§ Exercise inputs
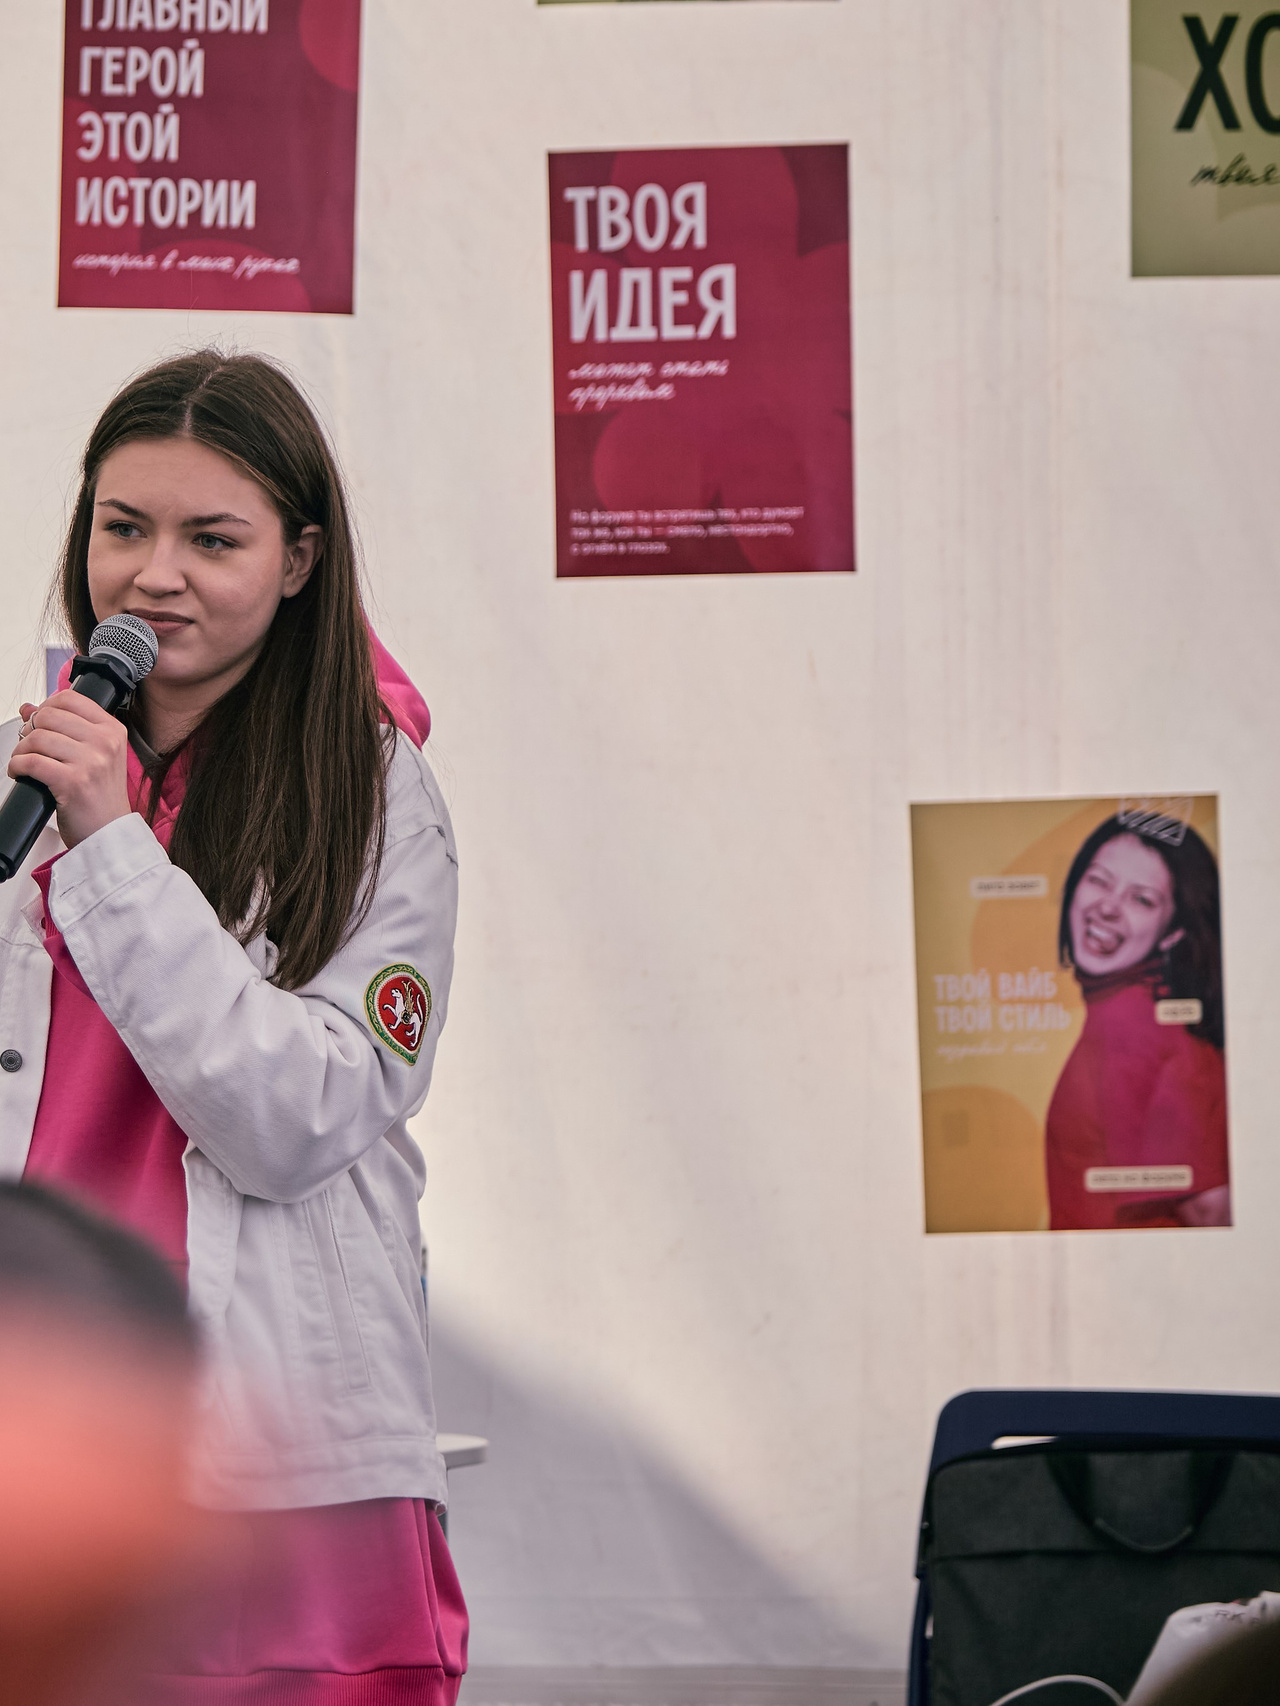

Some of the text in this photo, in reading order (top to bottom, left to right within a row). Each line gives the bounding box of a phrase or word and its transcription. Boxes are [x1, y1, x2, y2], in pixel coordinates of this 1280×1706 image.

[78, 38, 205, 98] ГЕРОЙ
[76, 103, 180, 162] ЭТОЙ
[75, 175, 257, 230] ИСТОРИИ
[563, 181, 708, 253] ТВОЯ
[568, 263, 737, 343] ИДЕЯ
[933, 966, 1058, 1001] ТВОЙ ВАЙБ
[934, 1000, 1072, 1034] ТВОЙ СТИЛЬ
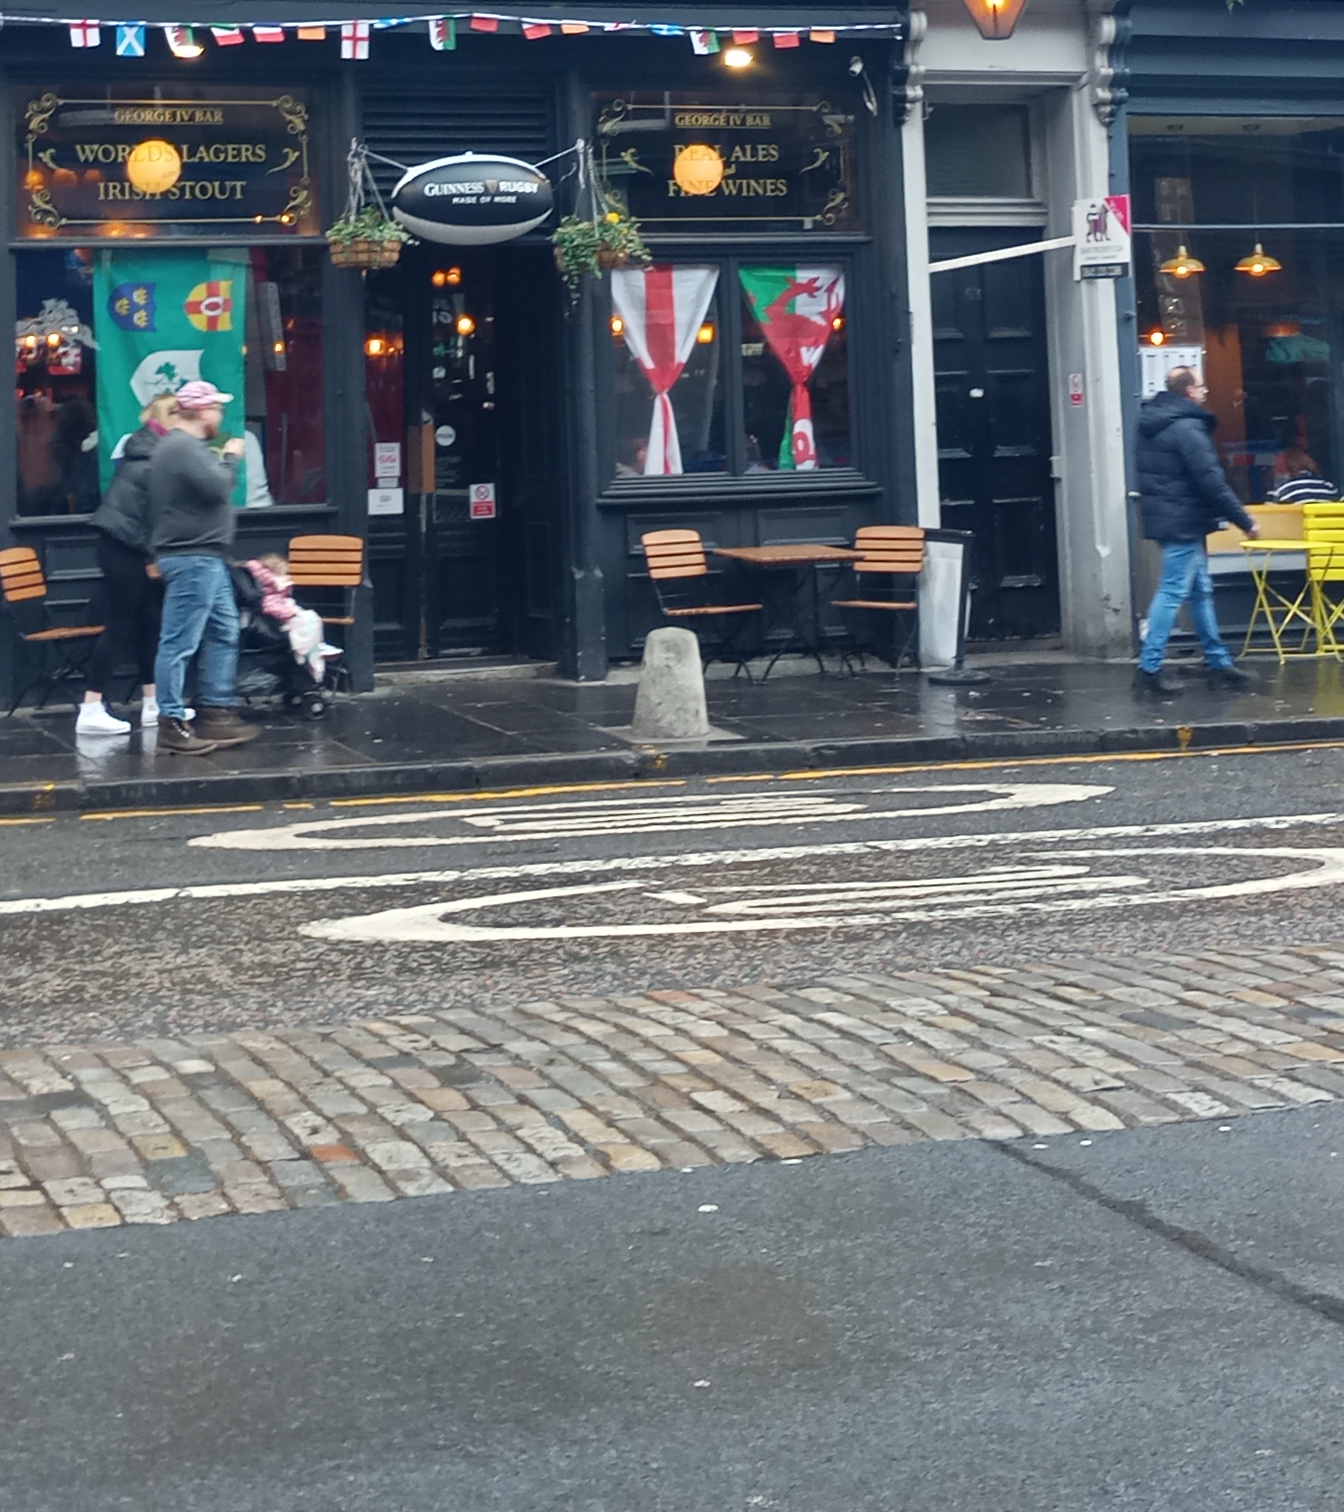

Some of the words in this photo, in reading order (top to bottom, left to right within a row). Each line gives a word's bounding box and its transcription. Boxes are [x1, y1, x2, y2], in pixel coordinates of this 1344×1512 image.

[113, 108, 174, 123] GEORGE
[176, 109, 192, 122] IV
[195, 108, 224, 123] BAR
[674, 113, 727, 126] GEORGE
[729, 114, 744, 126] IV
[746, 114, 771, 127] BAR
[181, 143, 267, 163] LAGERS
[730, 144, 779, 162] ALES
[97, 180, 162, 201] IRISH
[168, 180, 248, 200] STOUT
[424, 181, 485, 197] GUINNESS
[499, 181, 539, 194] RUGBY
[721, 179, 788, 197] WINES
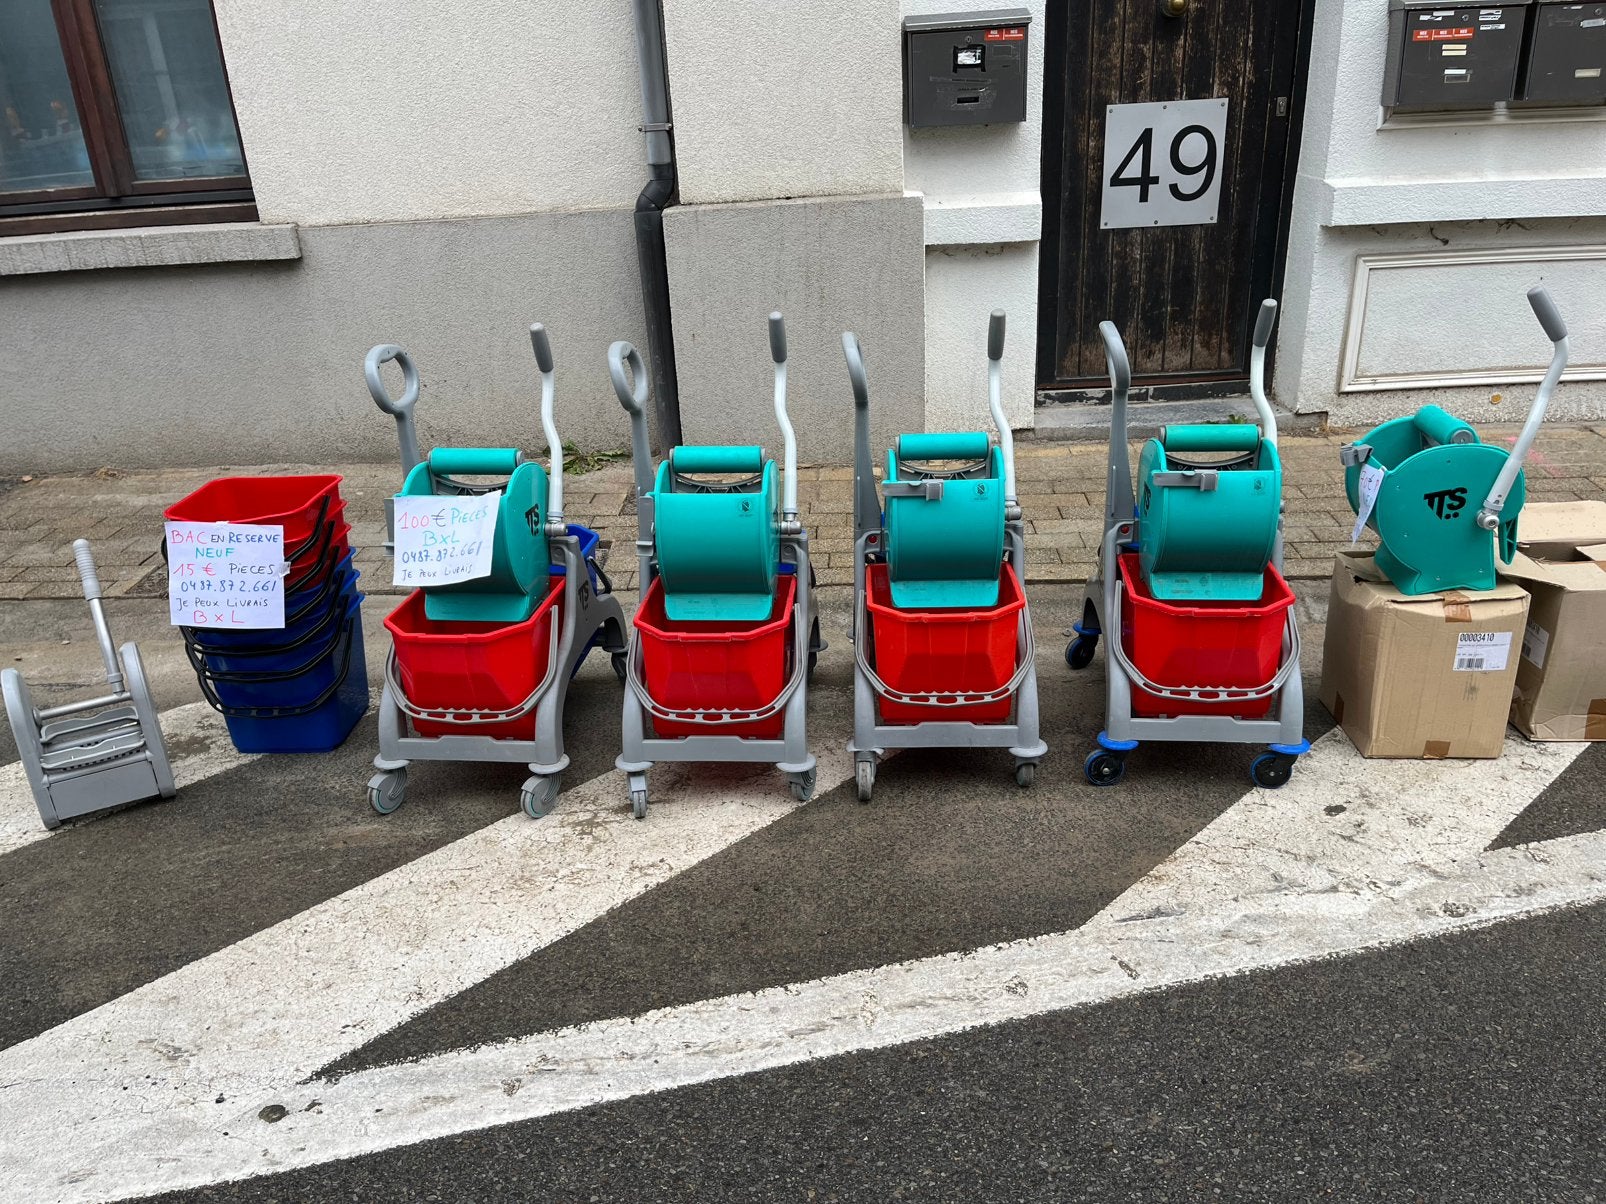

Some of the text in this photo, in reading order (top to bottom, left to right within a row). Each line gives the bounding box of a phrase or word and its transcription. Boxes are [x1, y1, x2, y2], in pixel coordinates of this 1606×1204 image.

[1109, 124, 1217, 203] 49
[1423, 487, 1468, 520] TTS
[171, 530, 280, 544] BAC EN RESERVE
[195, 547, 235, 559] NEUF
[176, 598, 188, 611] JE
[195, 597, 220, 607] PEUX
[1460, 633, 1495, 642] 00003410
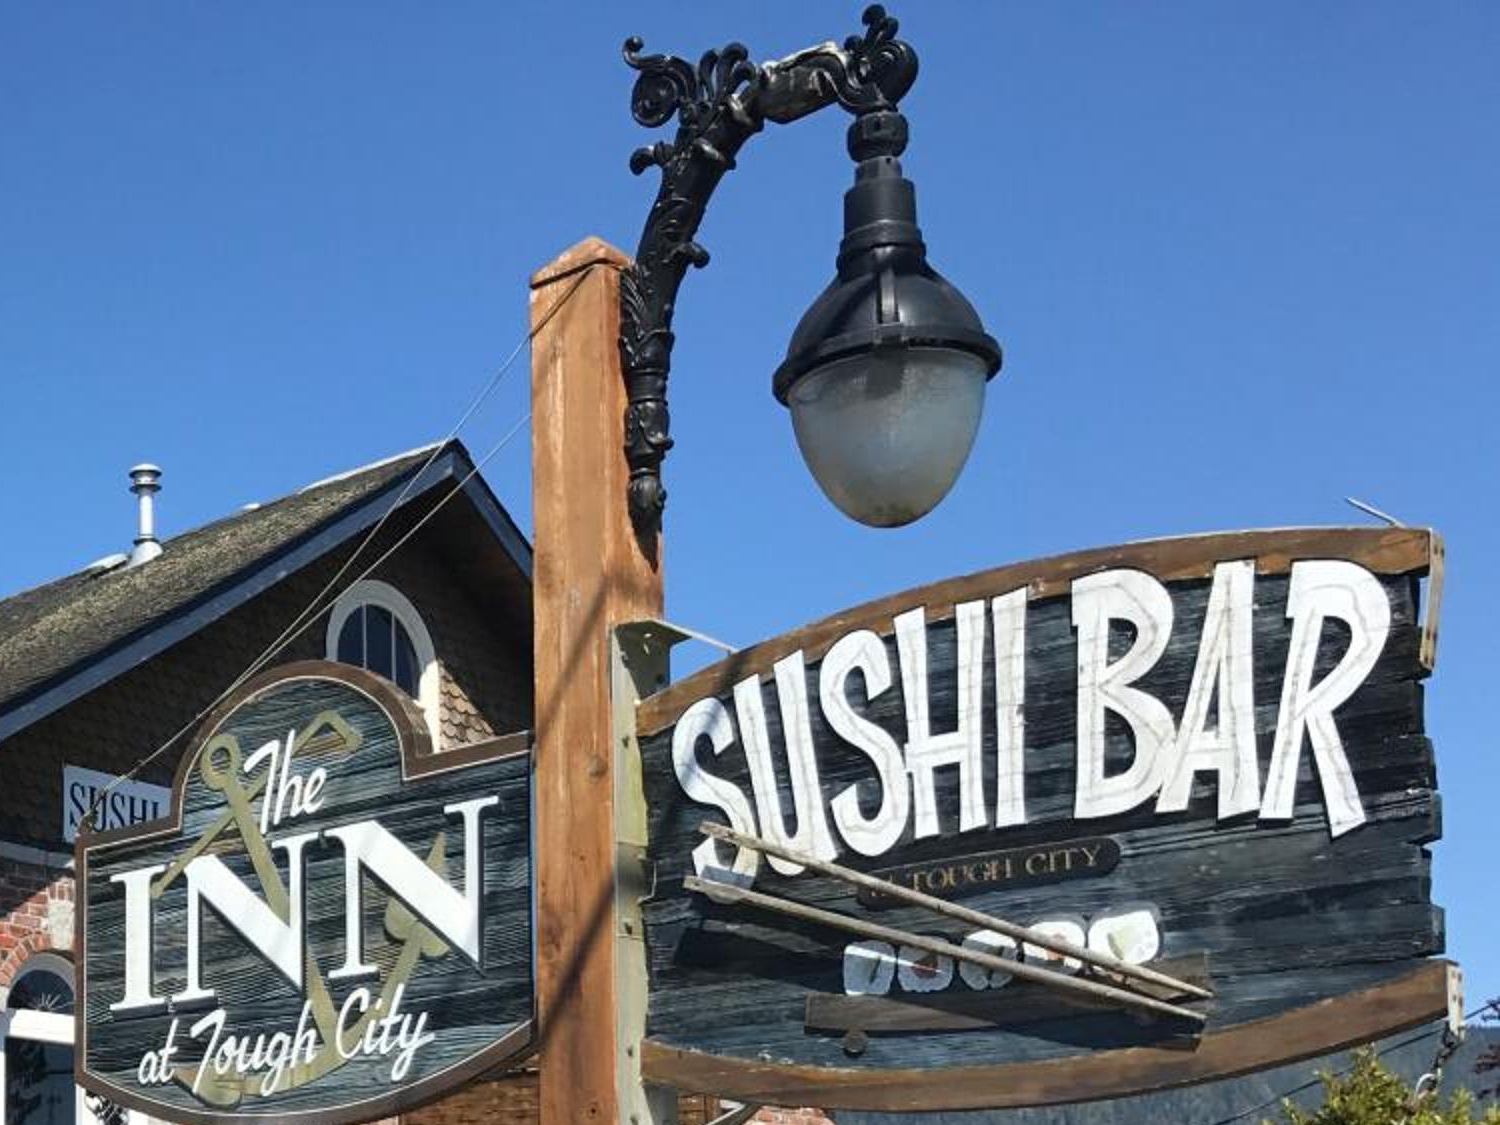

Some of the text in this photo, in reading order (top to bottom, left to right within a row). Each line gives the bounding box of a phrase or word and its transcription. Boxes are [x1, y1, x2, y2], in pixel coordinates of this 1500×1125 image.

[243, 729, 327, 834] The
[672, 559, 1392, 902] SUSHI BAR
[69, 781, 160, 832] SUSHI
[109, 795, 499, 1012] INN
[906, 858, 1012, 892] TOUGH
[1025, 843, 1102, 876] CITY
[137, 983, 436, 1097] at Tough City

§ What to work on
Copy the data above word for word. Pictures stay out.

§ Output for this task
Some of the text in this photo, in reading order (top to bottom, left to right within a row). Each line gives the bounding box of a phrase or word and its transcription. Boxes are [x1, y1, x2, y2], in pixel coordinates of this 1280×1706 image.

[78, 38, 205, 98] ГЕРОЙ
[76, 103, 180, 162] ЭТОЙ
[75, 175, 257, 230] ИСТОРИИ
[563, 181, 708, 253] ТВОЯ
[568, 263, 737, 343] ИДЕЯ
[933, 966, 1058, 1001] ТВОЙ ВАЙБ
[934, 1000, 1072, 1034] ТВОЙ СТИЛЬ

Some of the words in this photo, in reading order (top to bottom, left to right within a row). Each line gives a word's bounding box and its transcription. Boxes are [x1, y1, x2, y2], in pixel coordinates of this 1344×1512 image.

[113, 108, 174, 123] GEORGE
[176, 109, 192, 122] IV
[195, 108, 224, 123] BAR
[674, 113, 727, 126] GEORGE
[729, 114, 744, 126] IV
[746, 114, 771, 127] BAR
[181, 143, 267, 163] LAGERS
[730, 144, 779, 162] ALES
[97, 180, 162, 201] IRISH
[168, 180, 248, 200] STOUT
[424, 181, 485, 197] GUINNESS
[499, 181, 539, 194] RUGBY
[721, 179, 788, 197] WINES

Some of the text in this photo, in reading order (top to bottom, left to right within a row). Each line gives the bounding box of a phrase or word and its transcription. Boxes are [x1, y1, x2, y2], in pixel coordinates of this 1606×1204 image.

[1109, 124, 1217, 203] 49
[1423, 487, 1468, 520] TTS
[171, 530, 280, 544] BAC EN RESERVE
[195, 547, 235, 559] NEUF
[176, 598, 188, 611] JE
[195, 597, 220, 607] PEUX
[1460, 633, 1495, 642] 00003410

Some of the text in this photo, in reading order (top to bottom, left to right within a row). Each line gives the bounding box of a phrase or word and its transcription. Boxes are [x1, y1, x2, y2], in pixel coordinates of this 1500×1125 image.

[243, 729, 327, 834] The
[672, 559, 1392, 902] SUSHI BAR
[69, 781, 160, 832] SUSHI
[109, 795, 499, 1012] INN
[906, 858, 1012, 892] TOUGH
[1025, 843, 1102, 876] CITY
[137, 983, 436, 1097] at Tough City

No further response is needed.